Setting up a budget will require a few hours work in the first month, and some time to adjust it in the next few months. It’s a rare and lucky person that gets it perfect at the start!
But after that, having a budget is going to make your life easier and save time:
- you are already having to make time to cope with all your financial problems. Budgeting makes things simpler and the problems will get fewer.
- it will become routine and take less time than you think.
5 “I just don’t have enough money!”
If you don’t have enough money to pay your bills, buy the essentials and pay your debts, then budgeting can seem impossible.
In this case, you need to get help to deal with your debts.
A debt solution may be able to get your debt repayments down to a manageable level or get rid of impossible debt – then you can make sure your finances are stable by budgeting.
6 “It’s too complicated at the moment, I’ll start later in the year”
If you are waiting for a simple month, you will probably never start budgeting. There is always something that crops up!
And that would be a pity as a good budget makes it easier to manage the unexpected.
Start by looking at your income, debts and expenses
You need a list of your income(s), debts and expenses. A good way to look at these is to use this online Budget.
That tool is really helpful as it:
- converts weekly, fortnightly, 4 weekly and annual incomes or expenses into monthly figures so they can be added up;
- suggests lots of things you may not think about such as prescriptions, car breakdown cover, vets bills etc.
For incomes, include everything: you may mentally think of the child maintenance you get as being spent on your children’s after-school activities and their clothes, but put both the income and the expenditures into your budget.

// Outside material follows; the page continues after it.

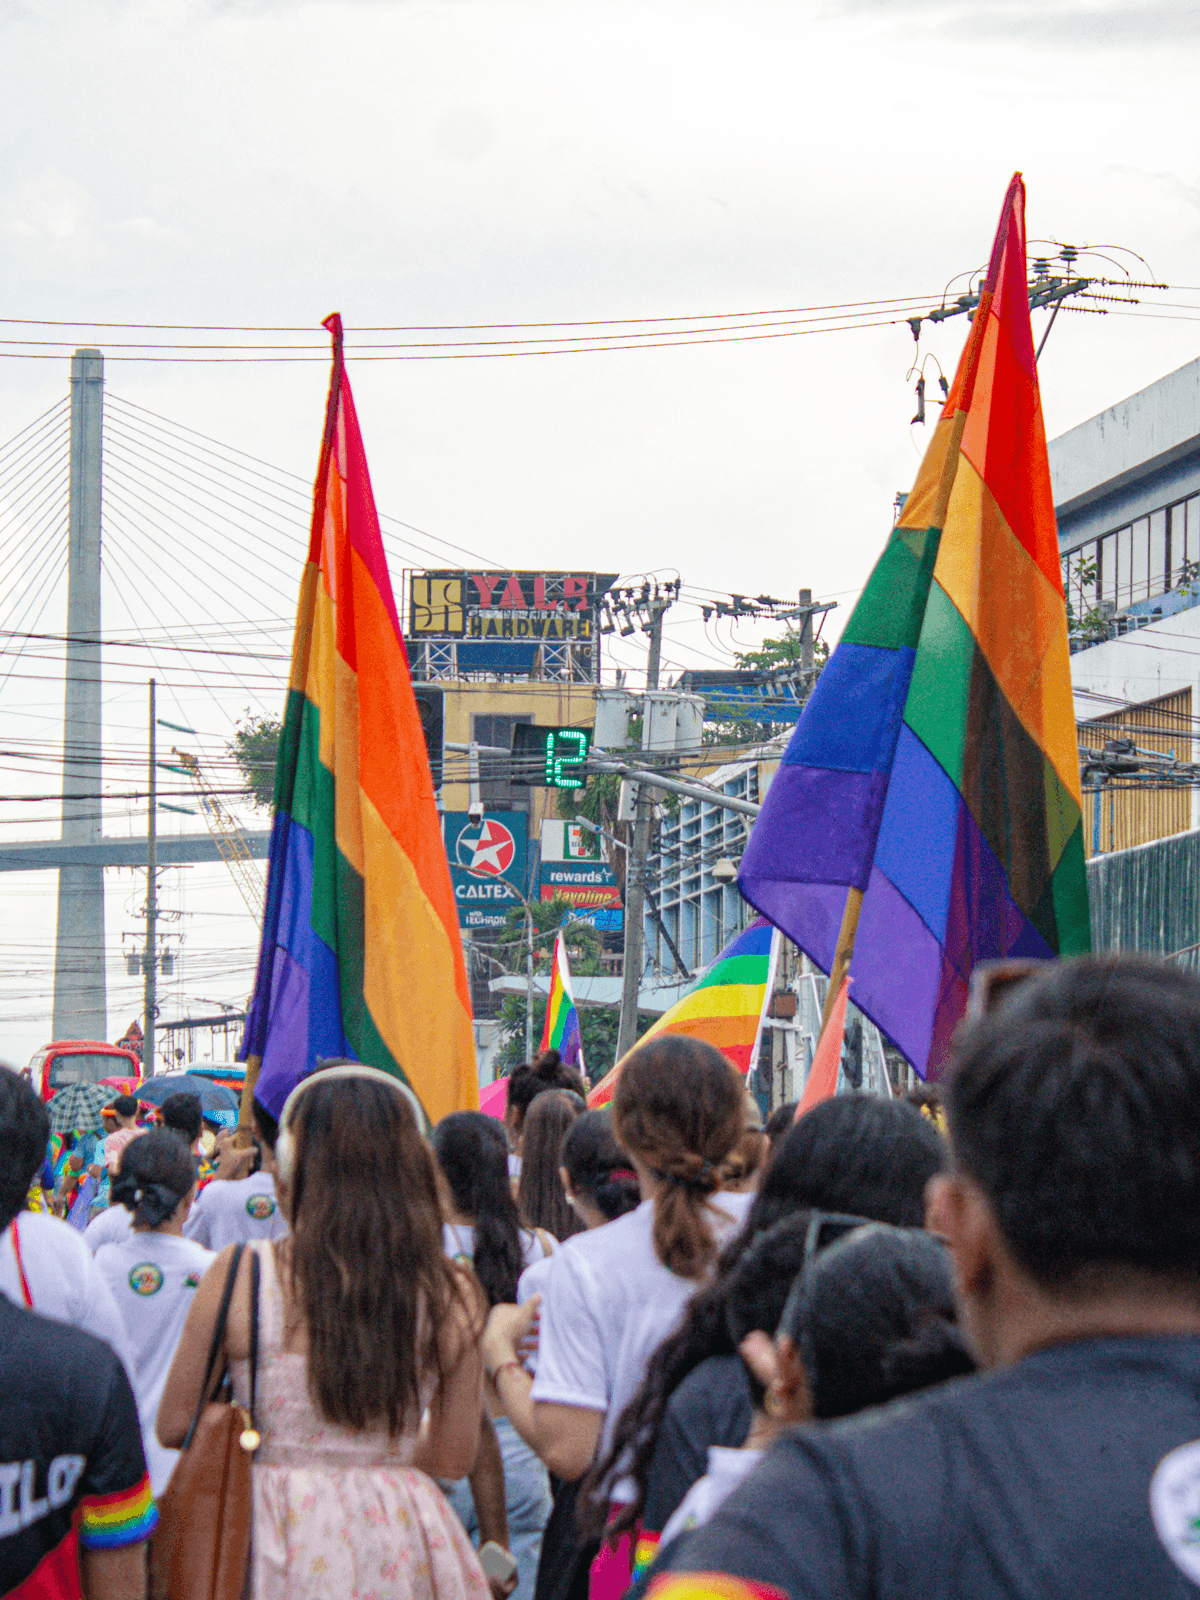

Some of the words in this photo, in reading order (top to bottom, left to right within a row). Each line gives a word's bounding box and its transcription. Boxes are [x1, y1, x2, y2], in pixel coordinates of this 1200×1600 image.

[470, 618, 588, 637] HARDWARE
[545, 731, 586, 787] 12
[550, 871, 602, 883] rewards
[455, 884, 515, 898] CALTEX

For your debts, start off with the minimum payments you have to make. Later you can adjust this when your budget shows how much extra you can pay off – that credit card may take over twenty years to clear if you only make the minimum payments!
For most people the hardest numbers are their expenses. Looking at recent card and bank statements can help. And check your online banking to see all your direct debits and standing orders so you don’t miss an annual expense.
Think ahead for when expenses are likely to occur – late August for new school uniform, December for Christmas, which months are your MOT and road tax due?
Is that realistic?
If your budget shows you should have a lot of surplus money at the end of the month and you never do, then you are probably recording what you “think” you should spending, not what you actually are.
Read the Apps do it all for you! section below and use one of those apps to get a better grasp on where your money is currently leaking away.
Now you know what you are spending, do you want to make any changes?
Make a list of ways you could save money and decide how important they are. You can’t cut your rent easily, but you could get fewer takeaways with a bit of organisation…
But don’t plan on cutting everything back to the bare minimum – that’s setting yourself up to fail.
You may be able to reduce what you spend on clothes, but kids need uniform, other clothes and their feet keep on growing.
STOP – Does this budget “balance”?
Now you have changed a few things, do you have enough income to pay all the bills, your daily living expenses and the minimum debt repayments?
If the answer is Yes, then you have a budget that balances You may still have a lot of debt. but if you stick to the budget you aren’t going to get deeper into debt each month.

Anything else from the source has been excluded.